Ces trois nations sahéliennes, toutes enclavées et dirigées par des régimes militaires putschistes, ont formé l’Alliance des États du Sahel (AES), bénéficiant d’un soutien discret du Kremlin dans sa quête d’affaiblir l’influence française. Leur discours anti-français, anti-occidental et anti-démocratique, promettant une prospérité soi-disant confisquée par l’Europe, ne s’est pas concrétisé.
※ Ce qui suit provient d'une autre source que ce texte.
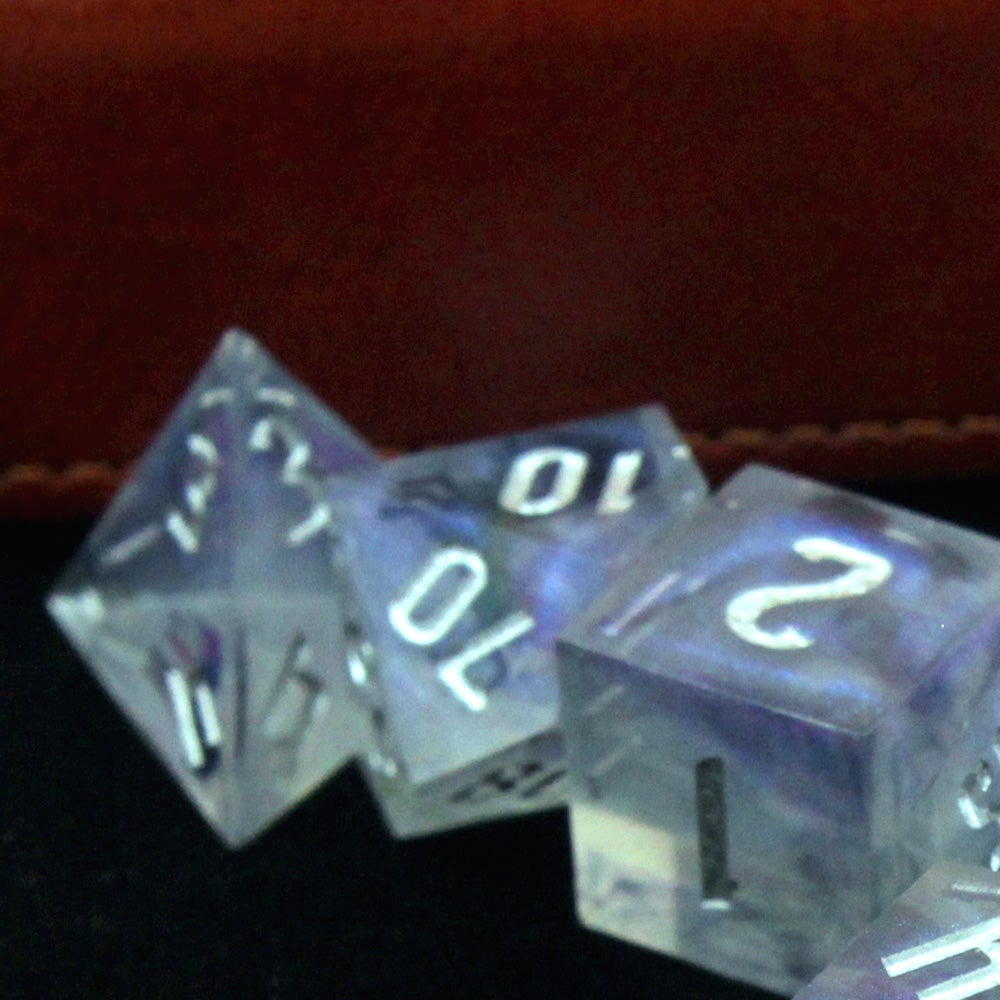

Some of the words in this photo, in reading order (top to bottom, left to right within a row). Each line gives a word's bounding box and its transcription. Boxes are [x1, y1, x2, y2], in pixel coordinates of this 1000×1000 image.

[497, 445, 644, 517] 10
[388, 545, 536, 713] 70
[724, 536, 893, 651] 2
[694, 755, 739, 911] 1
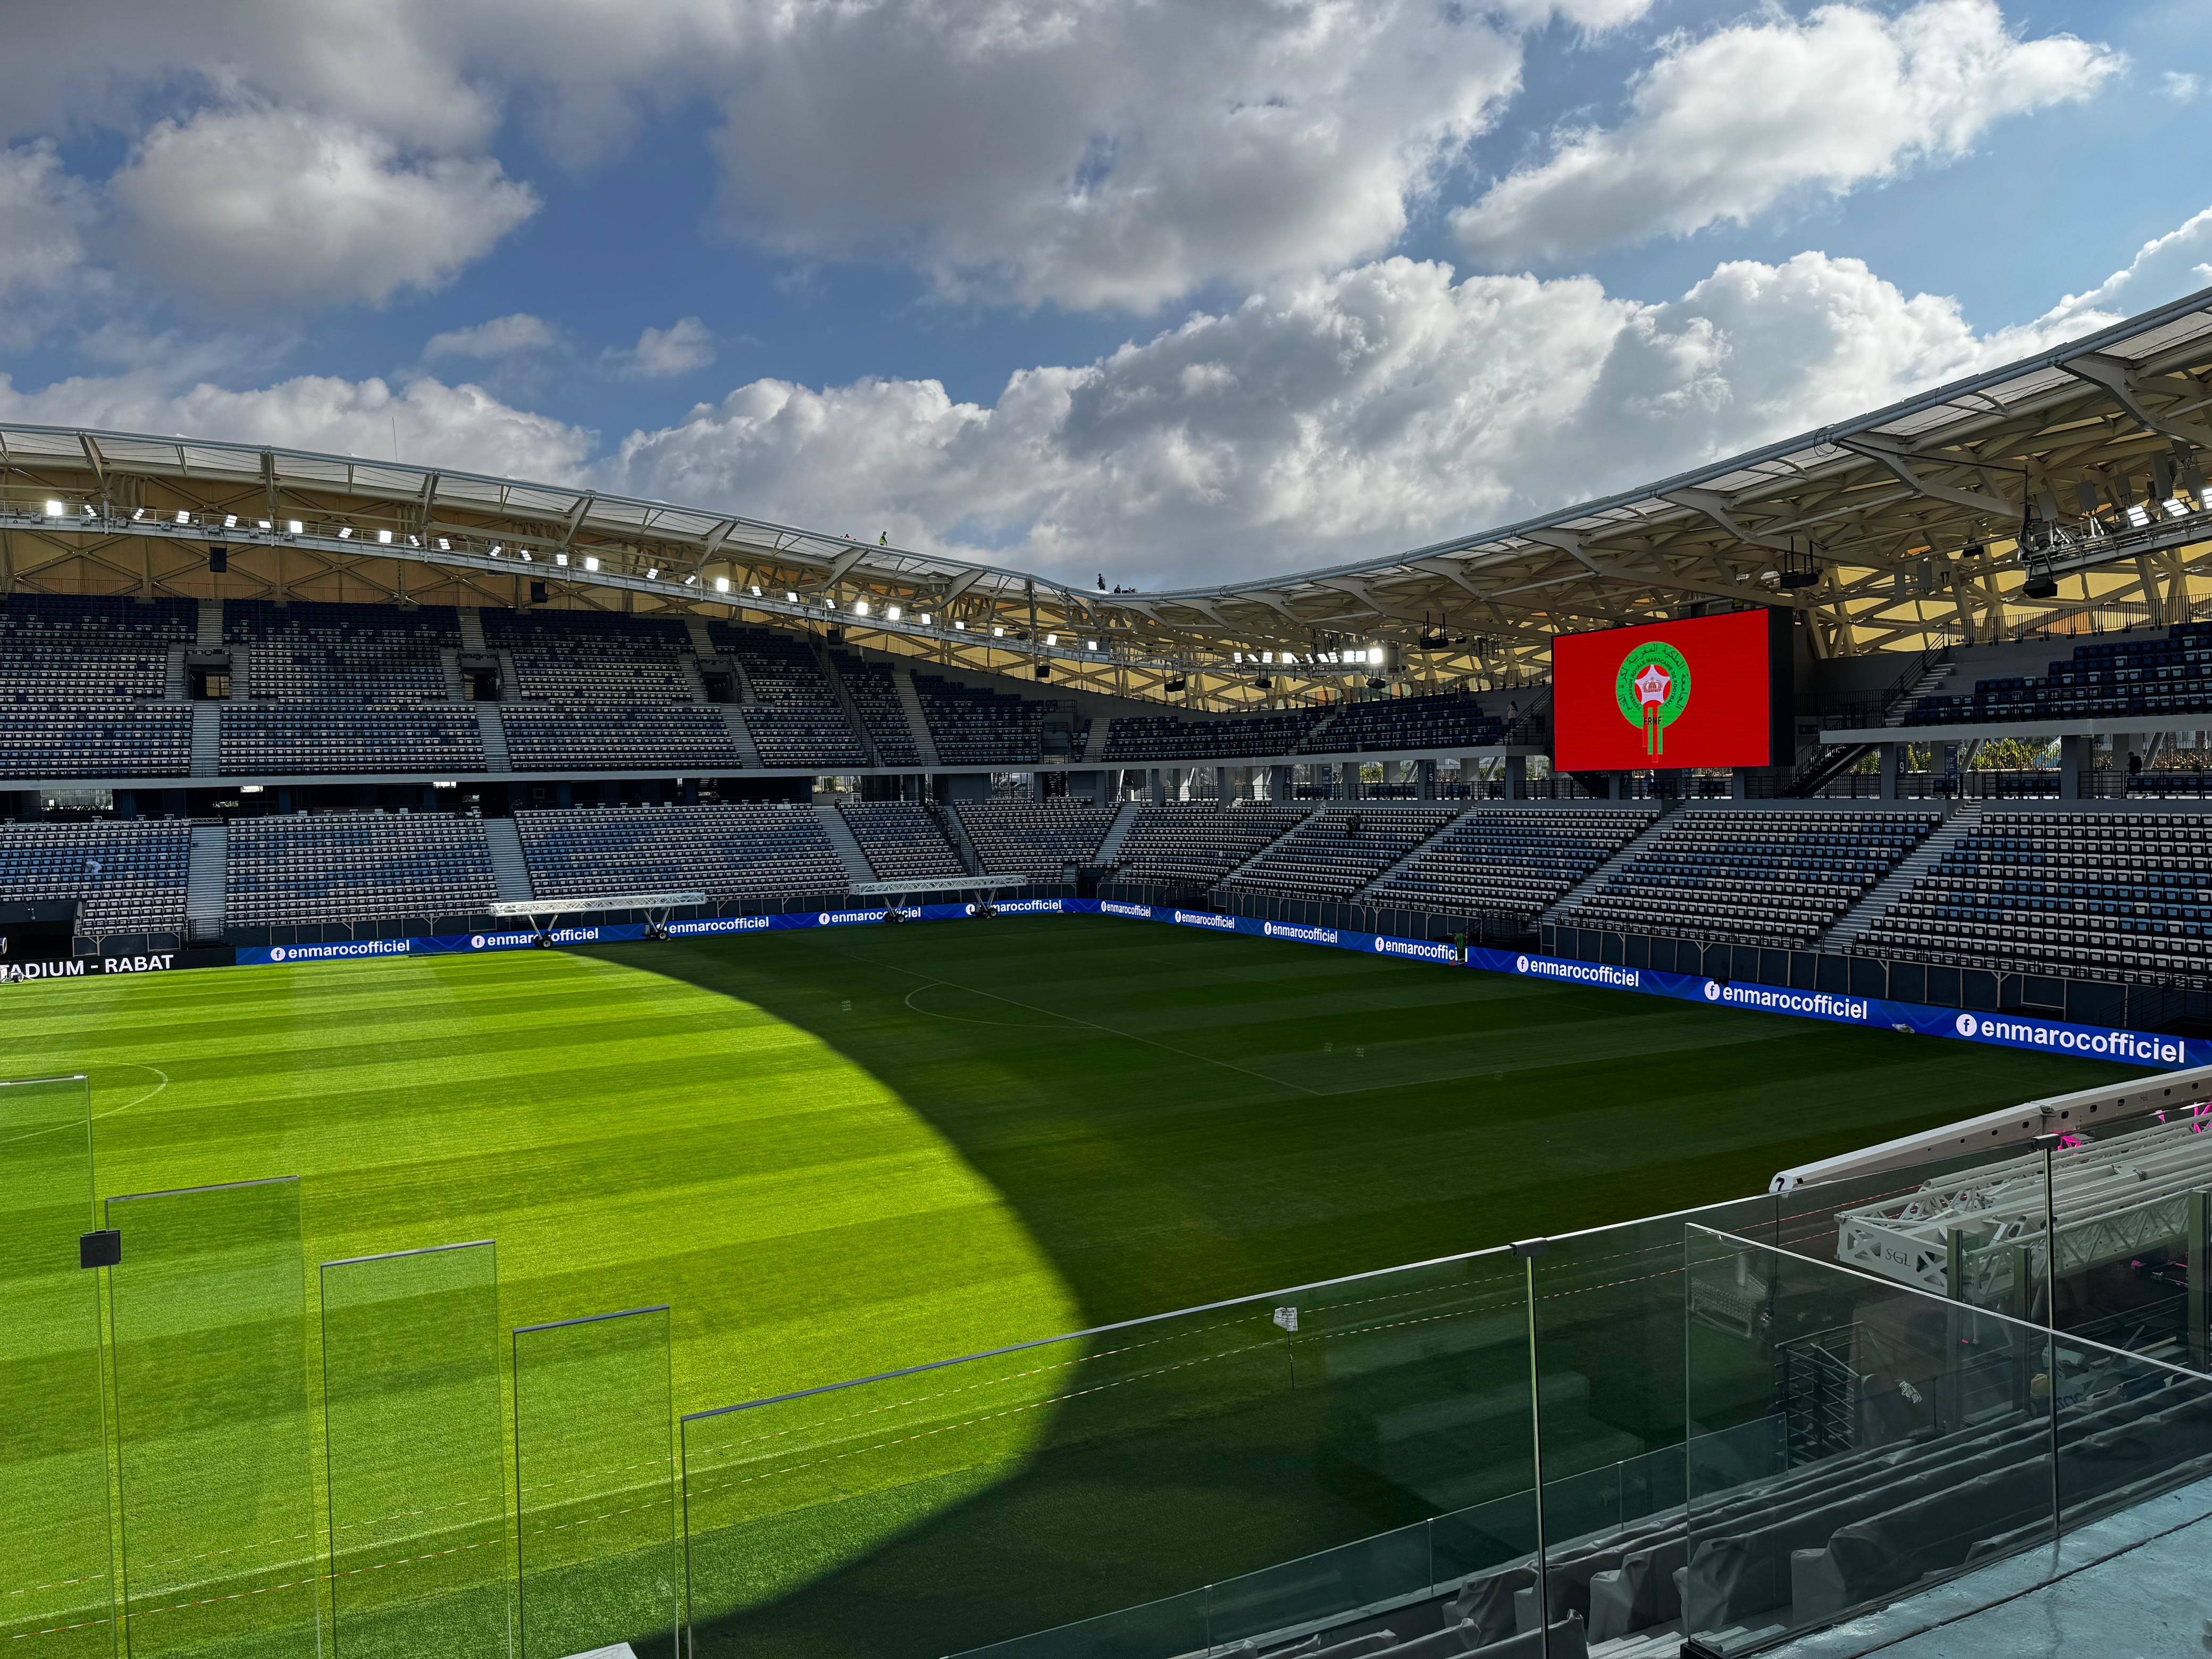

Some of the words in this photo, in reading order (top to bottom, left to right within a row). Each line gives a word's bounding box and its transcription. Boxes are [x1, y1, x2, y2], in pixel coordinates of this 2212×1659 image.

[1630, 660, 1646, 678] ROYALE
[1646, 657, 1673, 671] MAROCAINE
[1628, 679, 1641, 710] FEDERATION
[1664, 680, 1677, 707] FOOTBALL
[1644, 716, 1662, 725] FRMF
[1899, 761, 1904, 773] 9
[1429, 773, 1434, 782] 5
[832, 907, 921, 923] enmarocciel
[979, 899, 1062, 913] marocofficiel
[1107, 903, 1151, 917] enmarocofficiel
[669, 916, 769, 934] enmarocofficiel
[1182, 914, 1235, 929] enmarocofficiel
[487, 927, 599, 946] enmarofficiel
[1272, 925, 1338, 943] enmarocofficiel
[288, 939, 410, 959] enmarocofficiel
[1385, 941, 1468, 962] enmarocofficil
[105, 954, 174, 973] RABAT
[1530, 960, 1639, 987] enmarocofficiel
[1723, 986, 1867, 1019] enmarocofficiel
[1981, 1021, 2184, 1063] enmarocofficiel
Pourtant, deux voisins clés, l’Algérie et le Maroc, déploient des initiatives stratégiques pour cette région.

Le Maroc : une ouverture sur l’Atlantique pour le Sahel

Le Royaume du Maroc propose une solution de désenclavement majeure avec le projet du port Dakhla Atlantique, une infrastructure ambitieuse dans le Sahara occidental, comparable en vocation au port de Tanger Med pour l’Europe. Prévu pour être opérationnel en 2029, ce port vise à devenir une porte d’entrée essentielle pour l’Afrique de l’Ouest et une voie vers les Amériques. Rabat a déjà accueilli les leaders de l’AES, leur présentant une offre géopolitique concrète : un accès maritime facilité, potentiellement complété par une ligne ferroviaire (encore à l’étude), pour stimuler les économies de ces pays. Pour le Maroc, cette initiative, au-delà du soutien au développement économique du Sahel, est une démonstration de l’intégration régionale de son plan pour le Sahara occidental. Elle constitue également un levier indirect dans la lutte contre les groupes djihadistes, en offrant des perspectives à une jeunesse sahélienne dont la population est en forte croissance, devant doubler en une décennie.
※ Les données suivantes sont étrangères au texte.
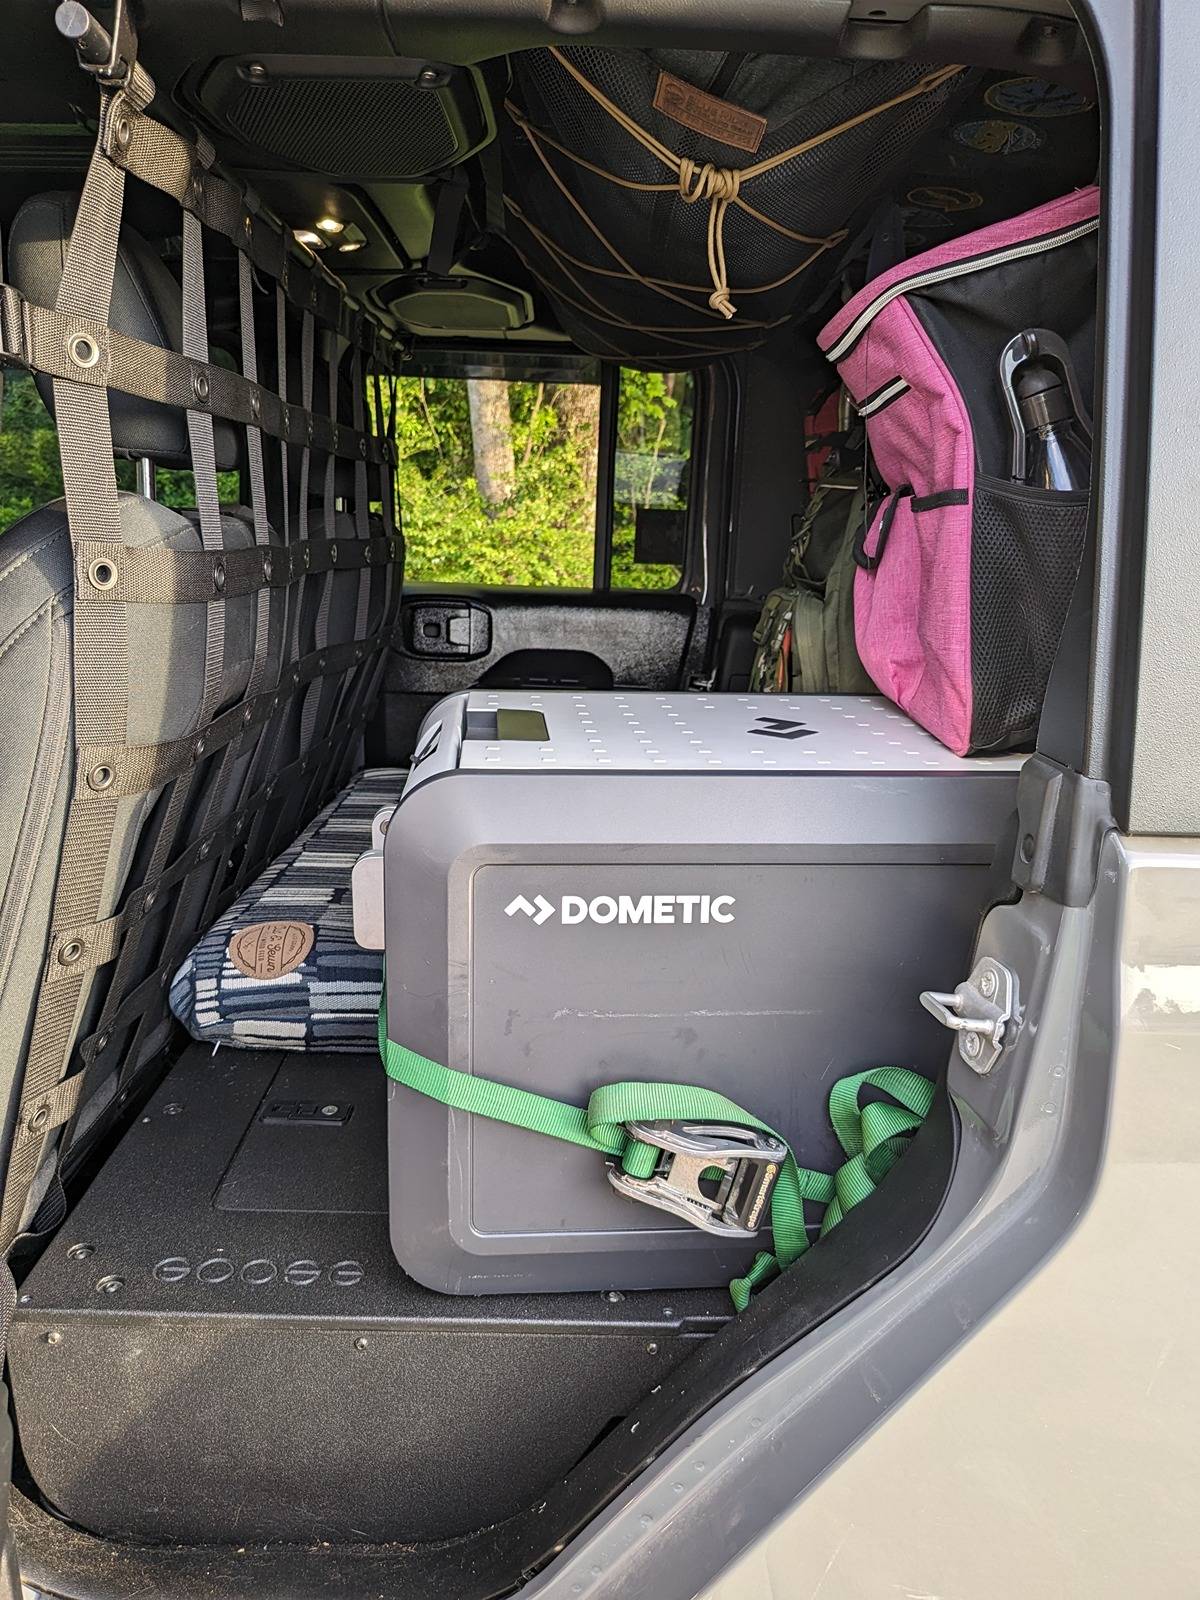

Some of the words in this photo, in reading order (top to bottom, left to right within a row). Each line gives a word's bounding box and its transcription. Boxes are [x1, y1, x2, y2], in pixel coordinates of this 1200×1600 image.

[561, 895, 736, 925] DOMETIC
[748, 1172, 774, 1228] SmartStraps
[152, 1257, 364, 1286] GOOSE
L’Algérie : un gazoduc transsaharien vers l’Europe

L’Algérie, après une période de tensions avec le Niger, a renoué le dialogue mi-février avec Abderrahmane Tiani, le chef du pouvoir militaire à Niamey. Alger a proposé la construction imminente du tronçon nigérien du Gazoduc Transsaharien. Ce projet d’envergure, long de 4800 kilomètres, relierait le Nigeria à l’Europe via le Niger et l’Algérie, assurant un approvisionnement crucial en gaz naturel. La société nationale des hydrocarbures, Sonatrach, prendrait en charge la construction sur le territoire nigérien et s’engagerait à former des Nigériens à son exploitation, un atout distinctif par rapport à d’autres partenaires comme la Chine, souvent critiquée pour son manque de transfert de compétences locales dans la gestion des ressources.

Deux approches stratégiques pour le développement du Sahel

Les discussions tenues à Madrid et Washington fin février concernant le plan d’autonomie marocain pour le Sahara occidental soulignent l’importance de résoudre ce conflit cinquantenaire. Une telle résolution pourrait ouvrir la voie à une collaboration constructive entre l’Algérie et le Maroc face aux défis sécuritaires et démographiques explosifs du Sahel. Cette coopération éviterait aux États de l’AES de capitaliser sur les rivalités régionales.

Le djihadisme trouve un terrain fertile dans la combinaison de la pauvreté et des gouvernements autoritaires. Alger et Rabat cherchent, chacun à leur manière, à rompre ce cercle vicieux. L’Algérie mise sur ses ressources en hydrocarbures et l’expertise de Sonatrach, tandis que le Maroc promeut sa stratégie de grands projets d’infrastructure et son ambition de devenir un hub entre l’Afrique, l’Amérique et l’Europe. Bien que complémentaires dans leurs objectifs de développement et de stabilisation du Sahel, ces deux stratégies s’opposent malheureusement en raison du conflit du Sahara occidental, limitant ainsi une synergie potentielle. Un incident diplomatique passé illustre ces tensions, avec le Premier ministre malien, Abdoulaye Maïga, accusant l’Algérie de « soutenir le terrorisme international » en septembre 2025, ce à quoi Alger, par la voix de son ministre des Affaires étrangères, Ahmed Attaf, avait répliqué en dénonçant une « logorrhée de soudard ».